Strategies for planning when you have ADHD

Managing your time and staying motivated to use your planner can be challenging when you have ADHD. You may toggle between planning like a pro to feelings of overwhelm. 

But with the right approach, you can set yourself up for success so that you plan consistently and stay focused on chipping away with your plans and goals.


1. Create Your Ideal Planning Environment

Before diving into planning, set the stage by creating the right environment for daily and weekly planning sessions. Everyone is unique, so here are some examples to consider:

  • Noise Cancellation: Invest in noise-cancelling earplugs or headphones to block out distracting sounds.
  • White Noise: Use white noise generators or apps to create a soothing background ambience.
  • Music: Listen to classical or soft music if it helps you focus, but make sure it doesn't distract you.
  • Tech-Free Zone: Turn off or mute electronic devices that may tempt you away from your planning.
  • Declutter: Clear your desk of objects that might divert your attention while you're planning.

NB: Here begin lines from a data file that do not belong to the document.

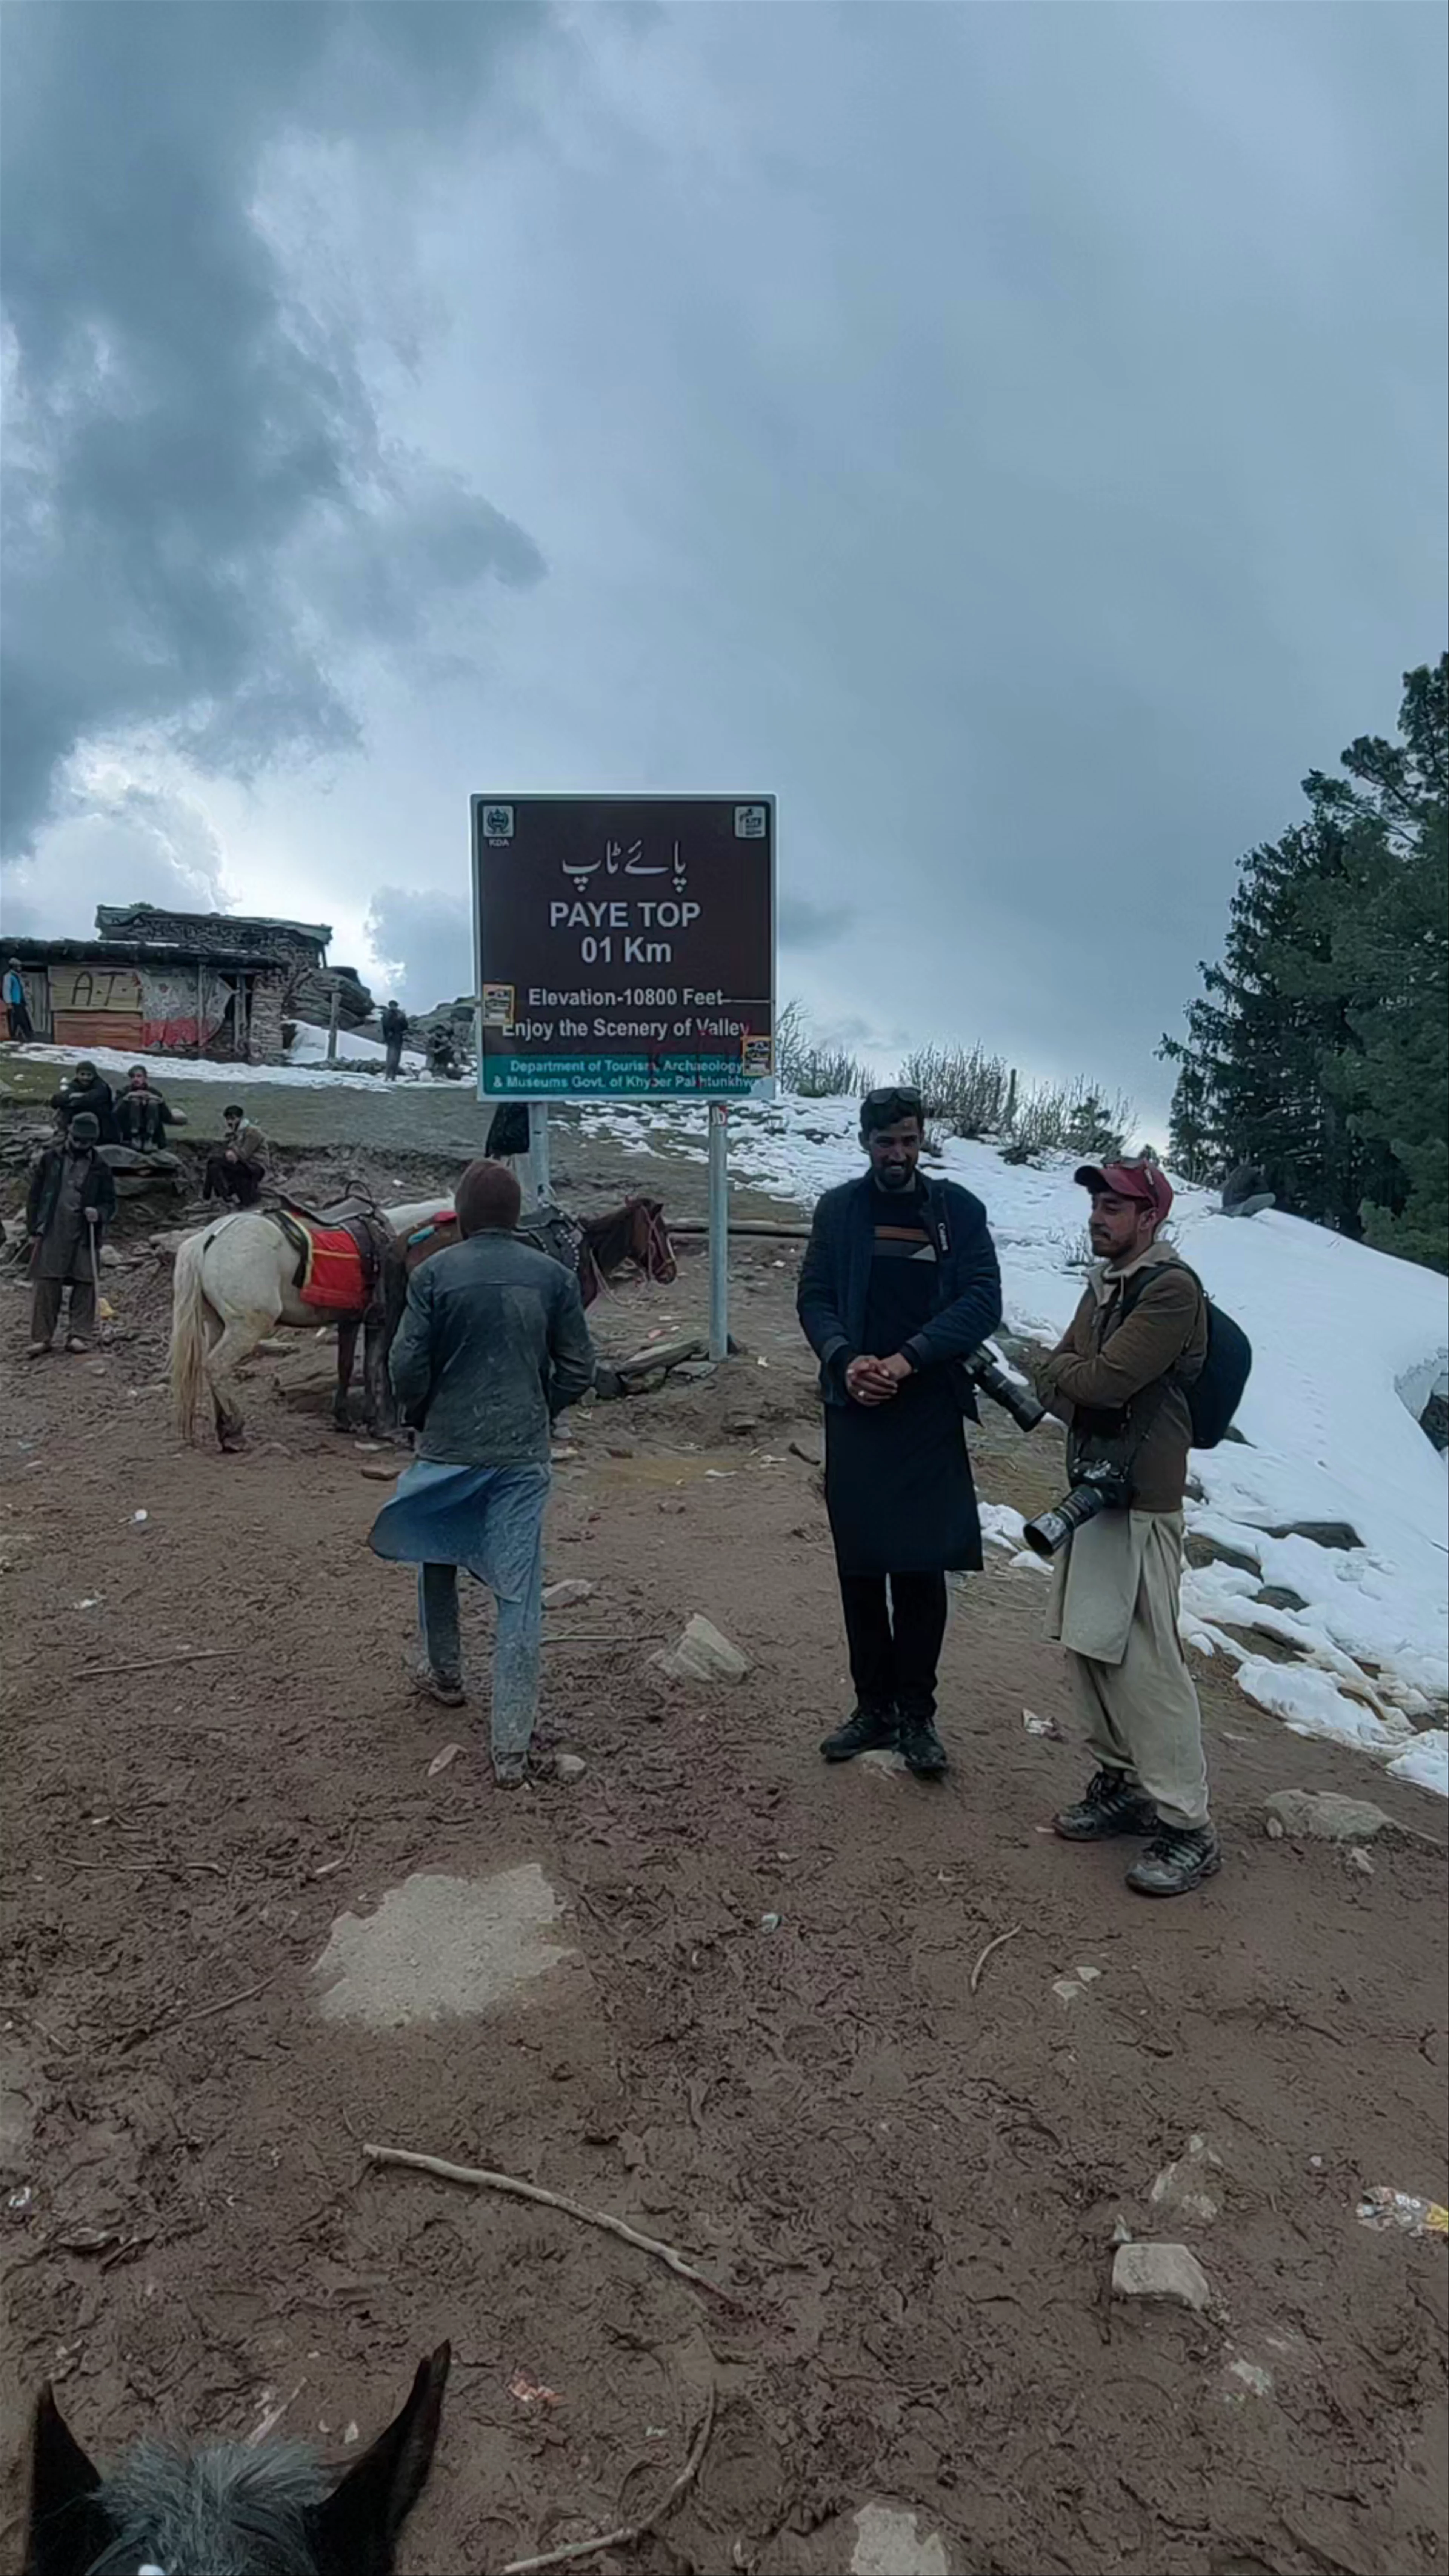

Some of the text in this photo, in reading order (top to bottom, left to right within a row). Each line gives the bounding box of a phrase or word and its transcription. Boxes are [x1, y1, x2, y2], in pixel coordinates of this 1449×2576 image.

[550, 901, 701, 927] PAYE TOP
[581, 936, 671, 963] 01 Km
[529, 988, 677, 1006] Elevation-10800
[683, 988, 723, 1006] Feet
[559, 1018, 588, 1036] the
[593, 1018, 668, 1041] Scenery
[673, 1018, 692, 1036] of
[696, 1018, 751, 1036] Valley
[510, 1060, 585, 1074] Department
[588, 1060, 601, 1072] of
[493, 1075, 503, 1088] &
[506, 1075, 568, 1088] Museums
[571, 1075, 606, 1088] Govt.
[609, 1075, 622, 1088] of

Remember, the key is tailoring your planning environment to suit your needs and preferences. Find a way to make planning into an enjoyable ritual, or else it might become a boring routine that you avoid.


2. Pacing and Time Management

One of the core challenges for individuals with ADHD is estimating how much time tasks will take. To combat this, consider the following strategies:

  • Extra Buffer Time: Add extra time between tasks or appointments to account for potential delays or tasks that may take longer than expected. It's better to have a cushion of time than to feel rushed.
  • Task Chunking: Break down large tasks into smaller, more manageable chunks. This approach prevents feeling overwhelmed and allows you to focus on one step at a time.

3. Utilise Checklists

Checklists are your secret weapon for maintaining organisation and tracking task progress. Here's how you can make the most of them:

  • Task Lists: Create checklists to keep track of your daily and weekly tasks. It's satisfying to tick off completed items, and it provides a visual sense of accomplishment.
  • Prioritise: Organise your tasks by priority to ensure you tackle the most important ones first.
  • Consistency: Make a habit of reviewing and updating your checklists regularly to stay on top of your to-do list.

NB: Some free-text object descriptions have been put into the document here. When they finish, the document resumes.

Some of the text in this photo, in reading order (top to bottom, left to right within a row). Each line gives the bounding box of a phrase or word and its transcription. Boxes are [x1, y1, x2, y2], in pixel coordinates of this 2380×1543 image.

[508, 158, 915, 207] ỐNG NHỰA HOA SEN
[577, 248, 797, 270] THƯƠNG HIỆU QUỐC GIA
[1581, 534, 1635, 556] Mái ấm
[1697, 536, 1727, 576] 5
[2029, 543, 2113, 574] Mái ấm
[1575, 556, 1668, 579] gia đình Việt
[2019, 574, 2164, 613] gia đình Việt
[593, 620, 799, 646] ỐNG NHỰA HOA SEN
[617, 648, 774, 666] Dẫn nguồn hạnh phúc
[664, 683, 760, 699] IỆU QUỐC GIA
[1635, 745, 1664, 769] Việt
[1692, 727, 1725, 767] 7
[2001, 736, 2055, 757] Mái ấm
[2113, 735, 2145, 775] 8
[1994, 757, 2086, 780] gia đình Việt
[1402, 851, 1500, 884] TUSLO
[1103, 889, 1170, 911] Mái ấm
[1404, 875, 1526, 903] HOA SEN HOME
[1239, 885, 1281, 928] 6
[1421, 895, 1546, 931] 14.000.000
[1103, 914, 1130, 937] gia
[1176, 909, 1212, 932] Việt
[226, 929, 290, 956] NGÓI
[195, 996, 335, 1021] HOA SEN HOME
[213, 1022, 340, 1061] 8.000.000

4. Set Realistic Timeframes and Goals

Overcommitting can lead to frustration and overwhelm. To prevent this, set realistic timeframes and achievable goals:

  • Realistic Expectations: Set goals that are attainable within your available time and energy. It's better to achieve a few things well than to spread yourself too thin.
  • Flexibility: Be open to adjusting your goals and plans as needed. Life is unpredictable, and flexibility can reduce stress.

5. Embrace Single-Tasking

While multitasking might seem like a time-saver, it can often hinder productivity for those with ADHD. Instead:

  • Focus on One Task: Try to do one thing at a time. Dedicate your attention to the task at hand, complete it, and then move on to the next.

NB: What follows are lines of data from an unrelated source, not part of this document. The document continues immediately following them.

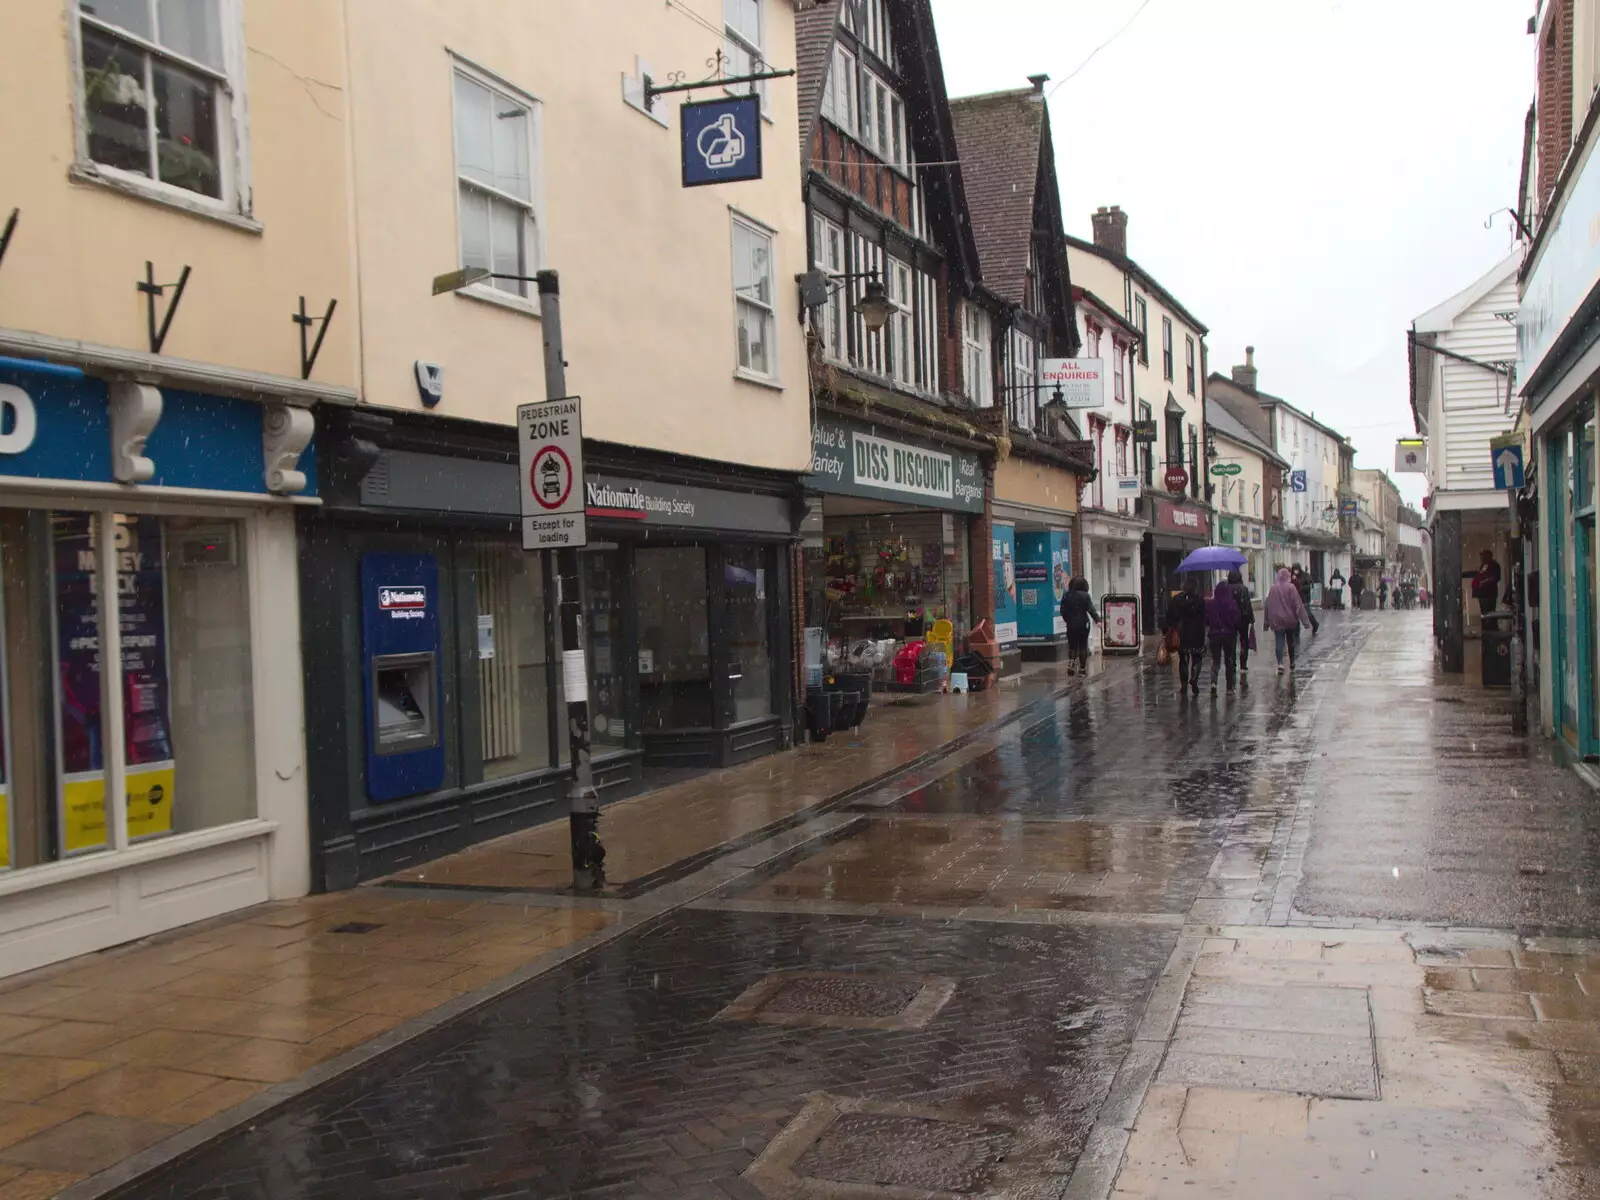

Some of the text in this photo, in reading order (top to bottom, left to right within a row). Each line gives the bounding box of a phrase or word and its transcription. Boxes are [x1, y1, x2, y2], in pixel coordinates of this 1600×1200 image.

[1061, 362, 1080, 370] ALL
[1043, 372, 1099, 380] ENQUIRIES
[521, 403, 577, 420] PEDESTRIAN
[529, 419, 569, 440] ZONE
[838, 430, 846, 449] &
[855, 439, 950, 492] DISS DISCOUNT
[586, 482, 695, 517] Nationwide Building Society
[955, 479, 982, 502] Bargains
[532, 519, 575, 530] Except for
[539, 532, 569, 543] loading
[78, 550, 142, 571] MEY
[390, 591, 425, 603] Nationwide

6. Visual Reminders for Special Dates and Deadlines

Avoid forgetting important dates and deadlines with the power of visual reminders:

  • Planner Layout: Choose a planner with space for noting special dates, deadlines, and appointments.
  • Colour Coding: Use colours or stickers to highlight critical dates, making them stand out in your planner.
  • Alarms and Notifications: Set digital reminders on your devices to prompt you about upcoming events.


By incorporating these strategies and the right planner into your routine, you can unlock your full potential and achieve your goals.

Remember, a planner is not just a tool but a partner in your journey towards a more organised and fulfilling life.